The paradox of "Ala kachuu": even the female family members of the kidnapper, who have often been forced into marriage themselves, become perpetrators during this patriarchal practice. It is their job to persuade the abducted woman in the kidnapper's house to agree to the marriage. The "bride" often hardly knows her kidnappers, if at all. She is detained and in some cases even raped.

A return to the parents' house, on the other hand, becomes impossible after spending one night in the house of the unknown man. The social stigma would be too grave. Women therefore often do not contradict their fate. Despite the fact that even in independent Kyrgyzstan forced marriage is an offence punishable by law, such deprivation of liberty rarely ends in criminal prosecution. A Kyrgyz proverb sums up this impotence: "A good marriage begins with tears".

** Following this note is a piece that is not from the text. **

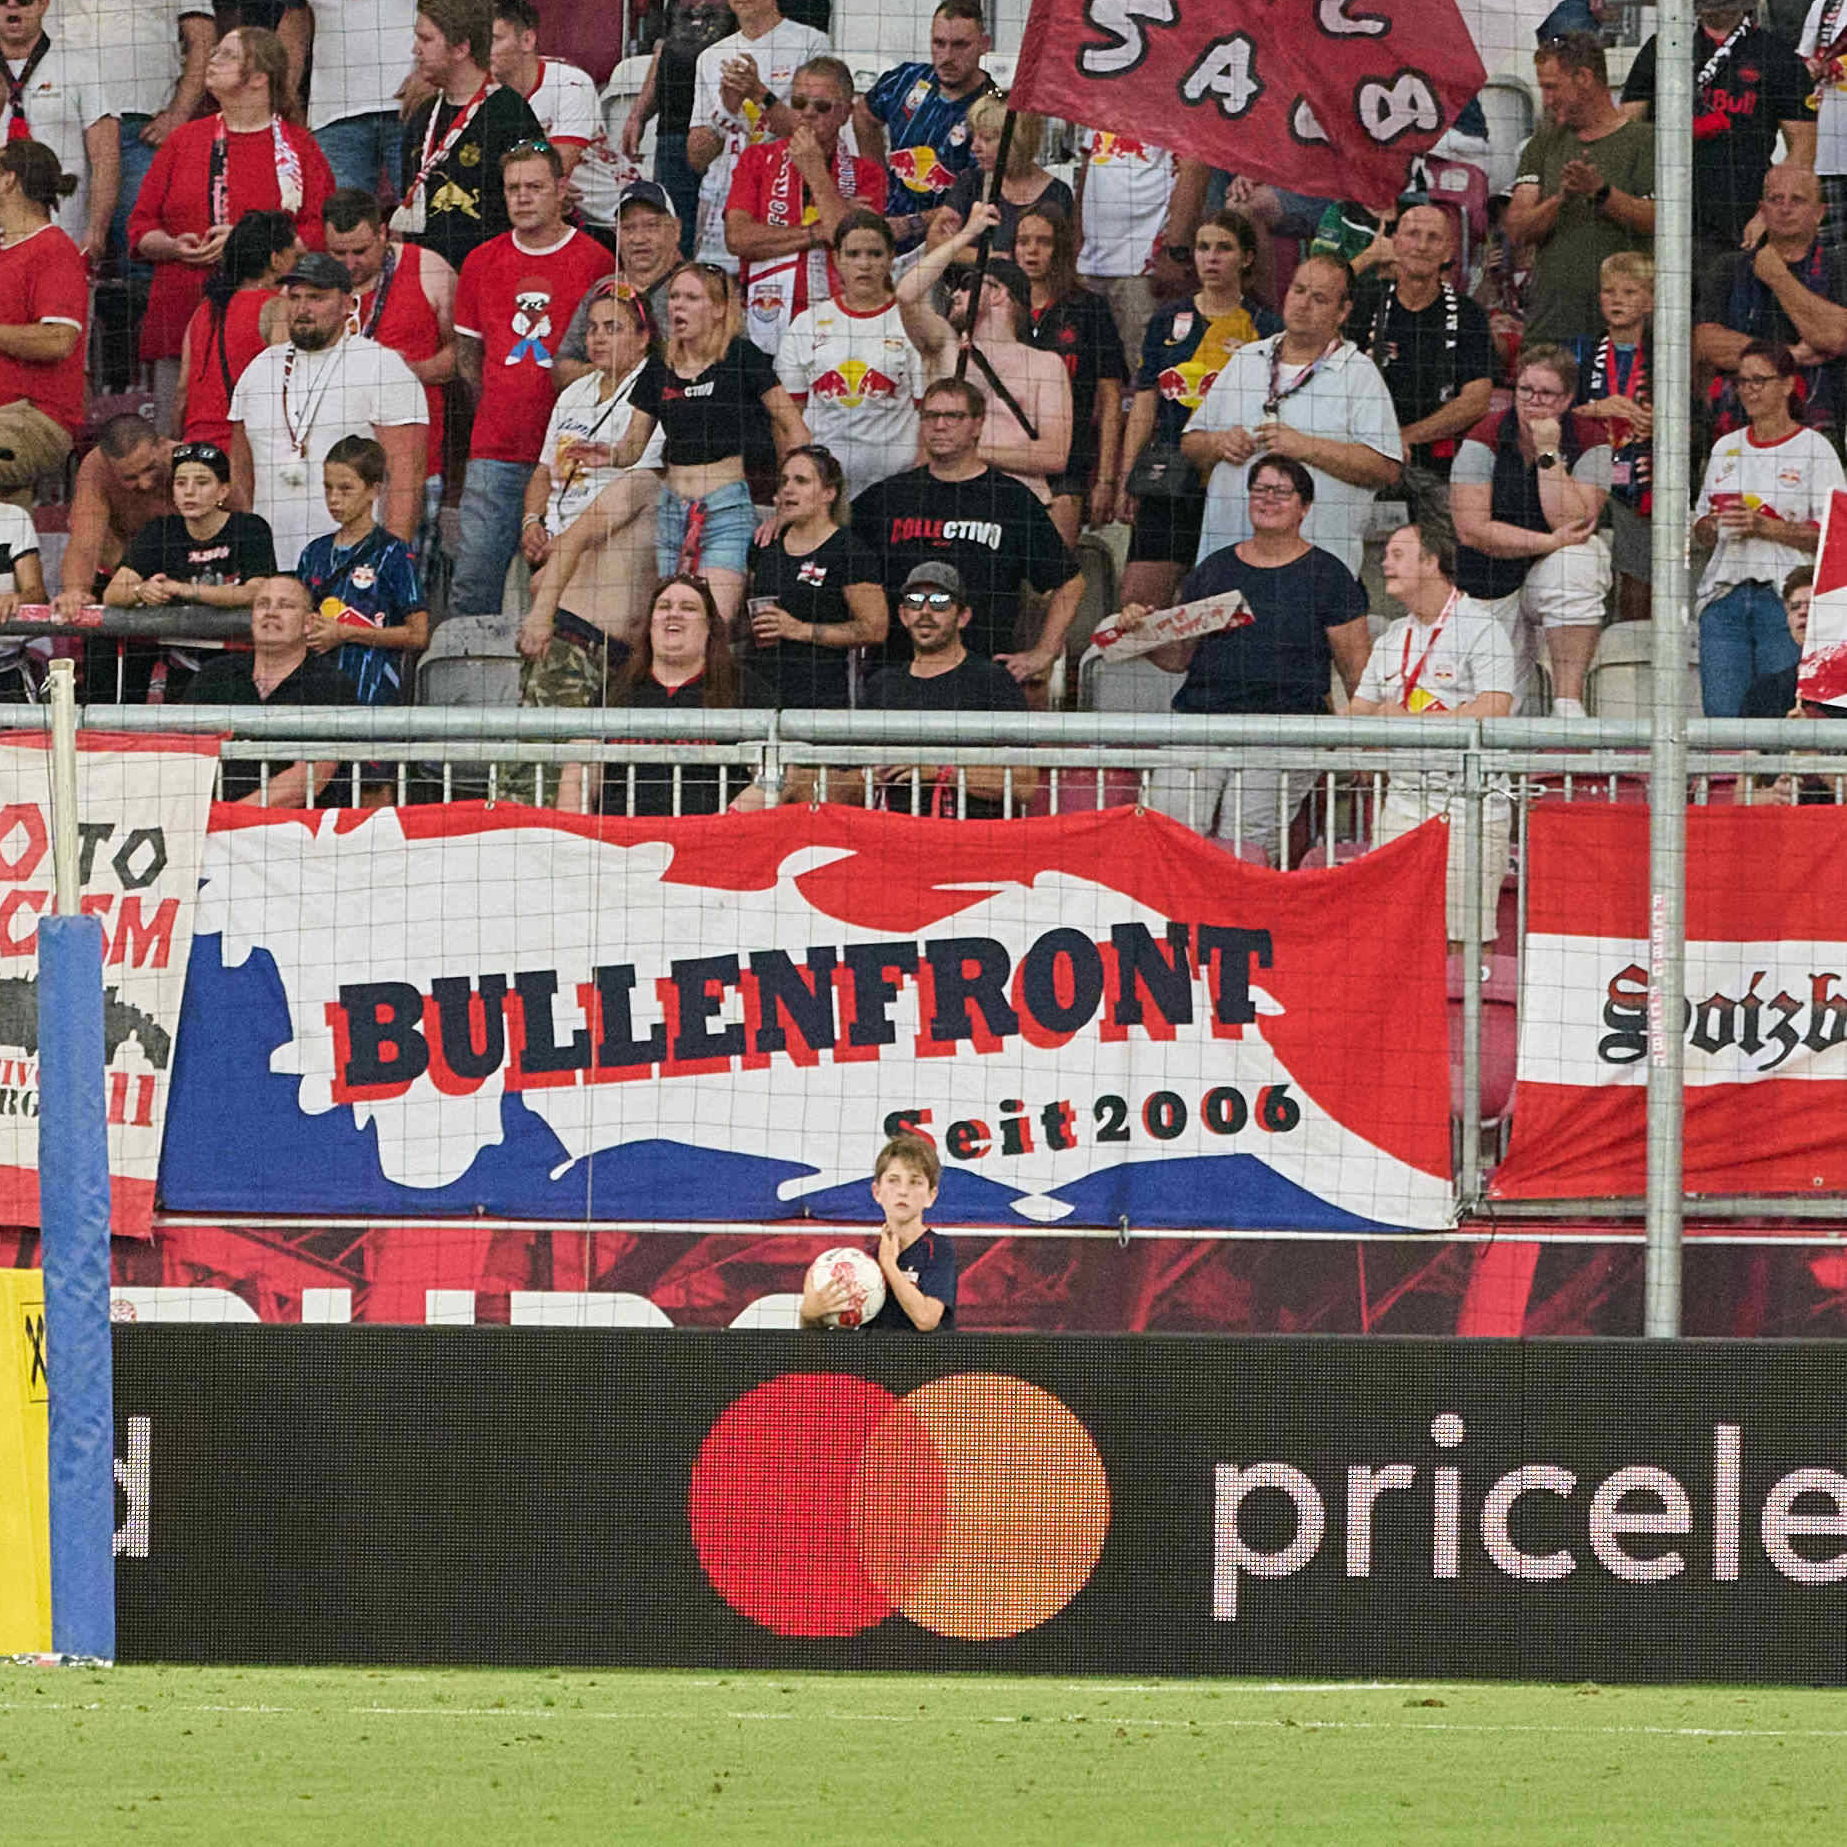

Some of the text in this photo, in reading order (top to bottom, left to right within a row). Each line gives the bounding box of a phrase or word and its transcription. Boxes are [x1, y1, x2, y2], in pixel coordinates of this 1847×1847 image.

[890, 518, 1003, 551] COLLECTIVO
[75, 821, 169, 892] TO
[328, 920, 1274, 1104] BULLENFRONT
[883, 1082, 1301, 1162] Seit 2006

Bride abduction is a crime
 
Svetlana, former participant in ifa's CrossCulture Programme, refuses to accept this understanding of gender roles. Especially since she came frighteningly close to "Ala kachuu" during her studies in the Kyrgyz capital Bishkek, when several young men tried to kidnap her friend and roommate.

"On television, bride abduction seems far away from one's personal fate. But when it happens in your immediate proximity, it changes how you think. It really got to me," Svetlana remembers. Together the two students managed to dissuade the kidnappers from carrying out their plan.

However, the uncomfortable feeling stayed. "The tragedy of this story is that my roommate actually married her kidnapper a few months later", says Svetlana. Since then, all contact has been lost between the two friends.

There should be no future for bride abduction in Kyrgyzstan. Of that, Svetlana is convinced. With her project "Ala kachuu is no cool!" she has set herself the goal of convincing young people to acknowledge bride abduction for what it really is: a crime.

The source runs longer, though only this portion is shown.